On Tuesday, May 28th, the research group on Biodiversity, Functional Ecology, and Global Change (ECOFUN) of the Forest Science and Technology Centre of Catalonia (CTFC) organized two technical conferences: “The Role of sown biodiversity in forage productivity” and “Micrometeorological infrastructures to quantify productivity and CO₂ exchanges in mountain meadows”.

The aim of the conferences was to disseminate and discuss the results of the DEMOMIX demonstration project, which evaluates the economic and ecological advantages of sown diversity, or polycultures, concerning monocultures, through the international projects Susforage and Legacynet.

The first conference, “The Role of Sown Biodiversity in Forage Productivity”, generated a debate on the economic advantages of polyculture forage production, its characteristics, and the challenges to improve its applicability. Participants highlighted the importance of the farming sector and its sustainable management, especially in the Mediterranean region due to water scarcity.

During the afternoon technical session, a project was presented that focuses on the use of eddy flux towers (eddy covariance) to measure CO₂ productivity and exchanges in mountain meadows. These towers make it possible to quantify the CO₂ flux between the surface and the atmosphere, helping to determine whether an ecosystem acts as a source or sink of CO₂. The project has three towers located at different altitudes, climatic conditions, and grassland management systems in Catalonia, specifically in Castellar de n’Hug, la Bertolina (Navès, Solsonès) and Pla de Riart (Lladurs).
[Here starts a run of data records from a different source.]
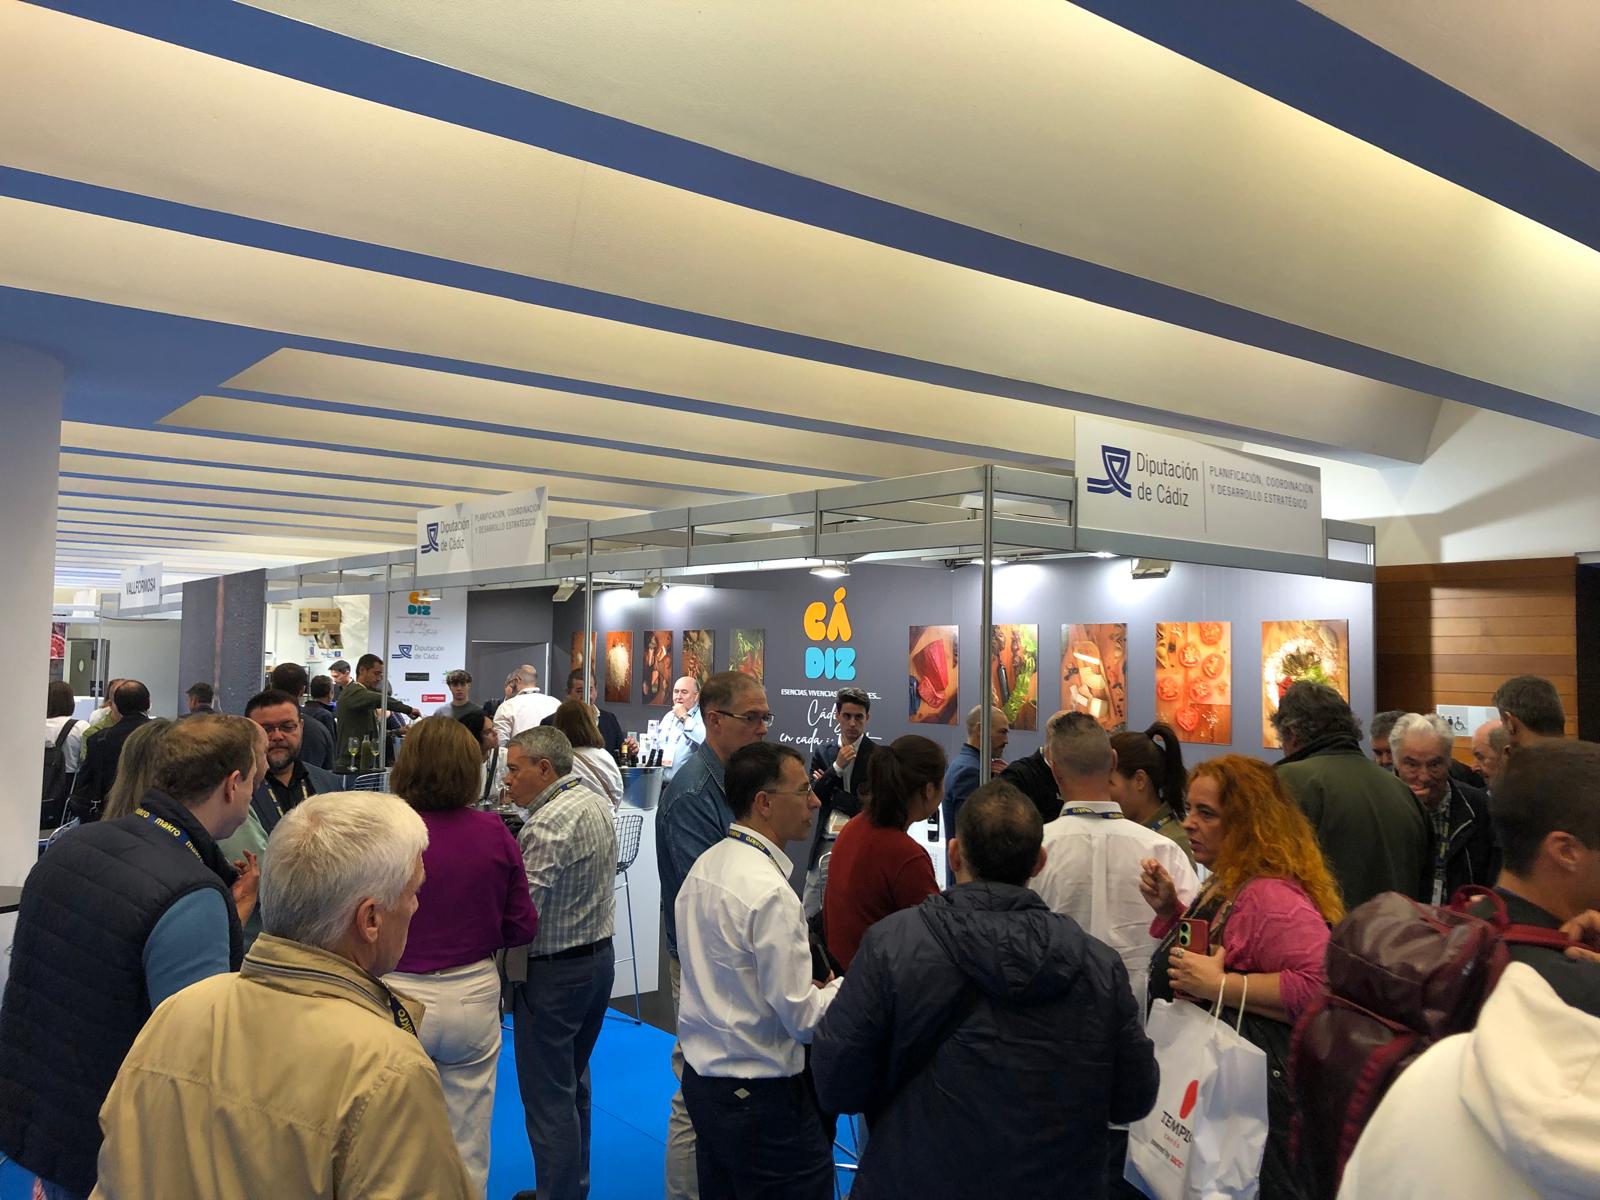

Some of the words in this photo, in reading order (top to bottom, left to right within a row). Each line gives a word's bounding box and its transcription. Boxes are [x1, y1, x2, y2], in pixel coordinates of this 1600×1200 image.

[1136, 452, 1198, 481] Diputación
[1137, 482, 1152, 502] de
[1156, 484, 1189, 507] Cádiz
[1210, 483, 1215, 493] Y
[1217, 484, 1261, 502] DESARROLLO
[407, 604, 431, 616] DIZ
[803, 586, 852, 642] CÁ
[805, 646, 856, 681] DIZ
[154, 817, 181, 837] makro
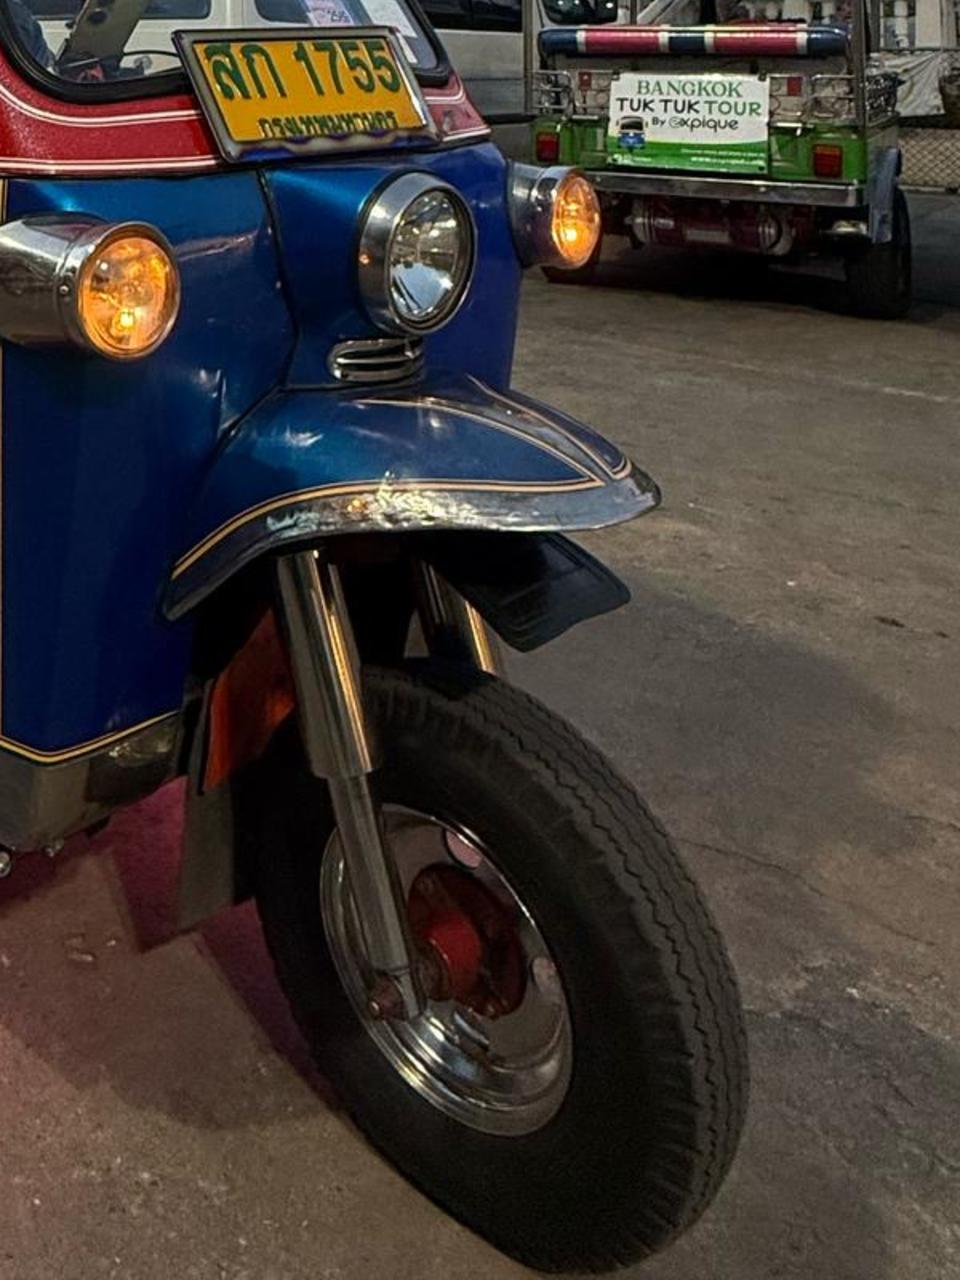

Among the conclusions of the project, the vulnerability of mountain meadows to climate change stands out. A reduction in the net capacity of CO₂ uptake was observed because of the decrease in gross primary production driven by low water availability and high temperatures. On the other hand, the mixture of cereals and legumes in mountain meadows was seen to improve CO₂ uptake capacity, while ensuring forage productivity and quality. Eddy flux measurements are essential for understanding the effects of climate change on mountain ecosystems and promoting agricultural practices that maximize carbon sequestration and ensure forage quality.

After the session at the CTFC, the Pla de Riart tower was visited to show the instruments, giving a practical explanation of their operation and their importance in data collection.